### What to work on
Output each entry that follows exactly. Images stay out.
[Recorded data — start]
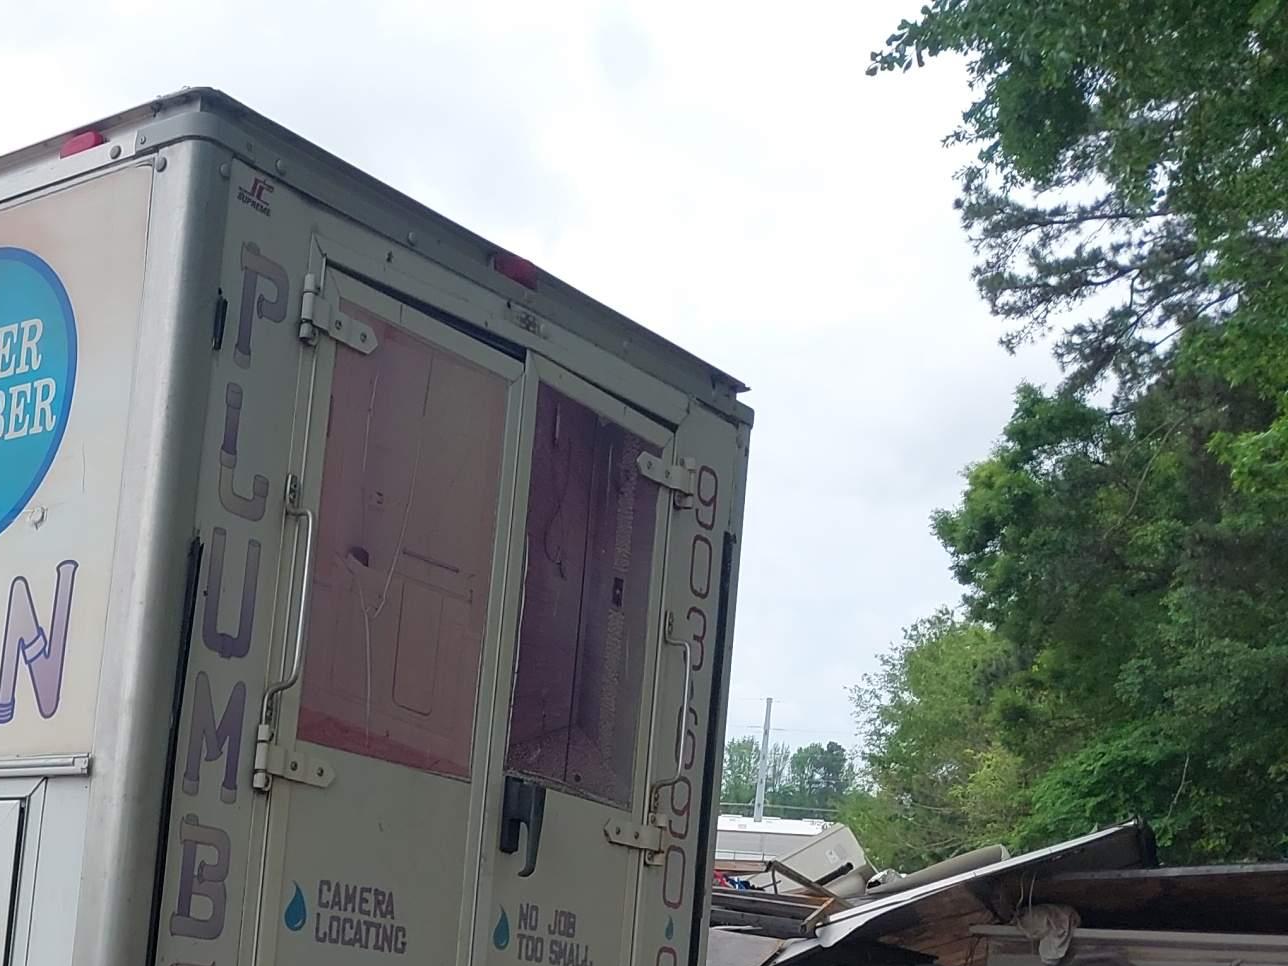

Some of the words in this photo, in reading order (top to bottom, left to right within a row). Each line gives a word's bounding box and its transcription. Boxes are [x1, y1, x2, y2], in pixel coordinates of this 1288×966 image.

[317, 879, 395, 920] CAMERA
[314, 912, 407, 954] LOCATING
[517, 903, 539, 931] NO
[548, 909, 576, 938] JOB
[516, 933, 544, 963] TOO
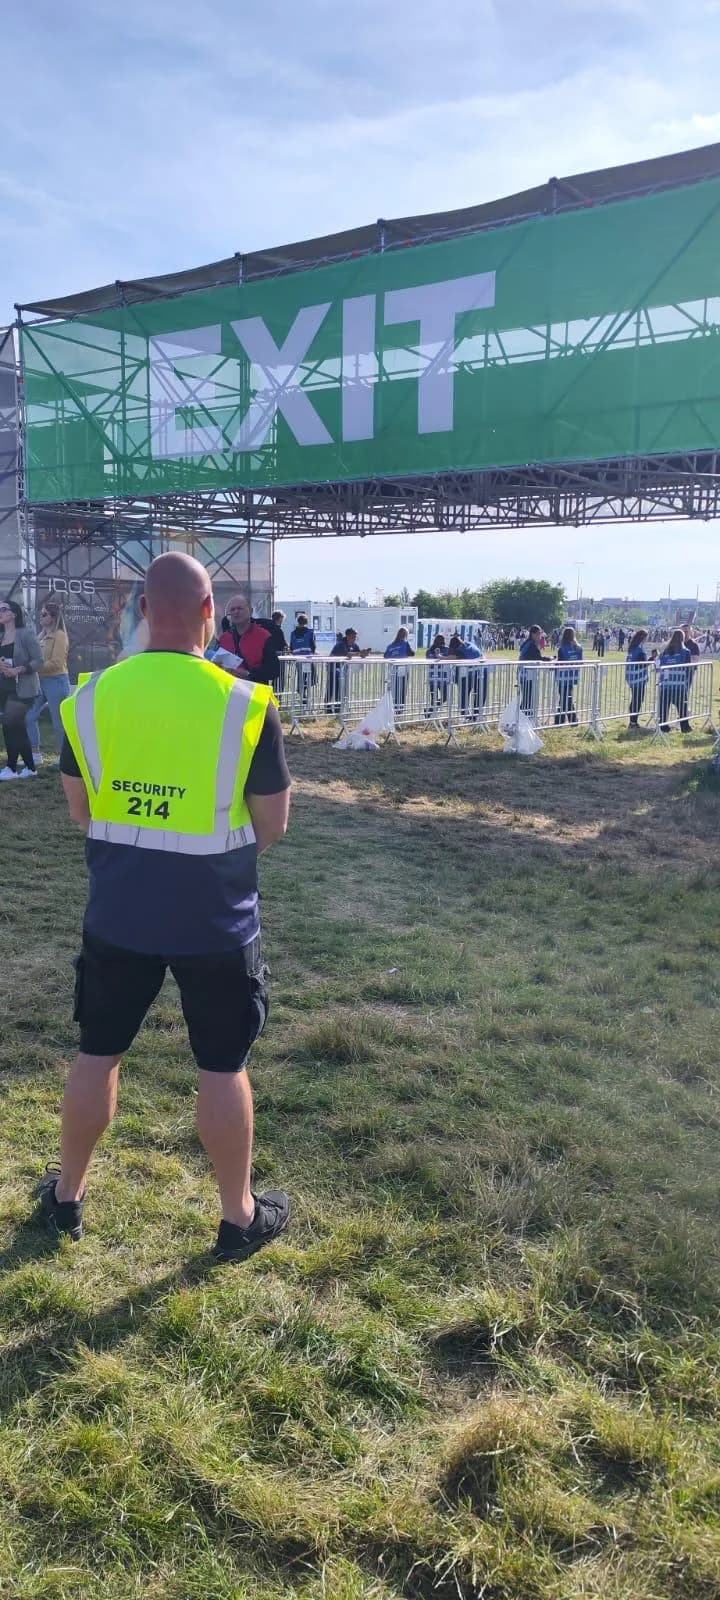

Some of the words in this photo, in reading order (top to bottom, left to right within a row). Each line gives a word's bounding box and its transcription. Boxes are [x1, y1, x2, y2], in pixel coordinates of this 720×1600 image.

[149, 270, 496, 459] EXIT
[48, 577, 96, 595] IQOS
[111, 779, 187, 800] SECURITY
[127, 796, 170, 820] 214
[Recorded data — finish]
### Exercise output
Some of the words in this photo, in reading order (top to bottom, left to right within a row). Each line gives a word's bounding box and its transcription. Boxes are [x1, y1, x2, y2], in pixel coordinates of this 1288×966 image.

[317, 879, 395, 920] CAMERA
[314, 912, 407, 954] LOCATING
[517, 903, 539, 931] NO
[548, 909, 576, 938] JOB
[516, 933, 544, 963] TOO

Some of the words in this photo, in reading order (top to bottom, left to right within a row). Each line gives a word's bounding box and its transcription. Boxes are [x1, y1, x2, y2], in pixel coordinates of this 720×1600 image.

[149, 270, 496, 459] EXIT
[48, 577, 96, 595] IQOS
[111, 779, 187, 800] SECURITY
[127, 796, 170, 820] 214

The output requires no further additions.